For any picture in the lines below, please leave it out and copy the rest exactly.

----------

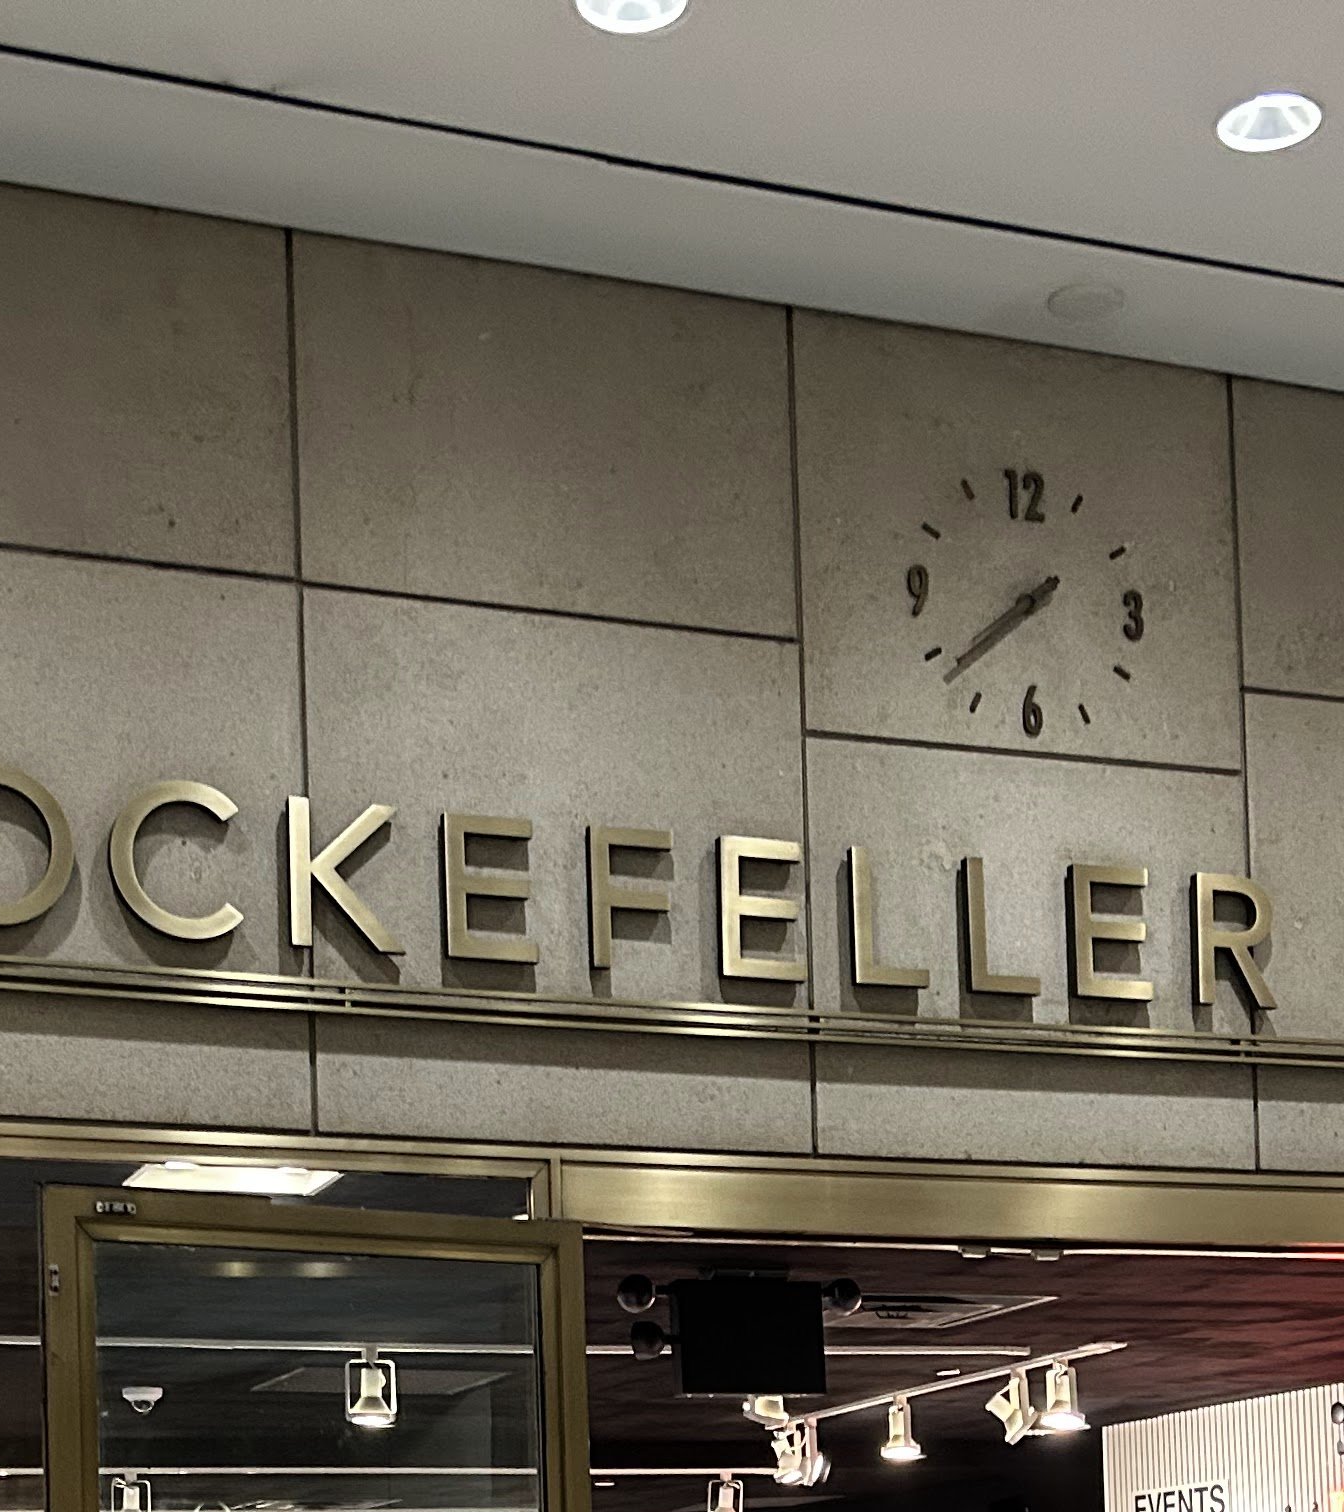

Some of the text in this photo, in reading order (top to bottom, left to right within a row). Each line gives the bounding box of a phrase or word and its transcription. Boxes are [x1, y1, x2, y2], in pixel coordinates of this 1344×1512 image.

[1004, 468, 1046, 523] 12
[906, 563, 929, 617] 9
[1122, 589, 1145, 641] 3
[1021, 684, 1043, 737] 6

----------

• [Expected answer]
Some of the text in this photo, in reading order (top to bottom, left to right within a row). Each line gives the bounding box of a phrase or word and its transcription. Boxes are [x1, y1, x2, y2], in pixel coordinates of this 1344×1512 image.

[1004, 468, 1046, 523] 12
[906, 563, 929, 617] 9
[1122, 589, 1145, 641] 3
[1021, 684, 1043, 737] 6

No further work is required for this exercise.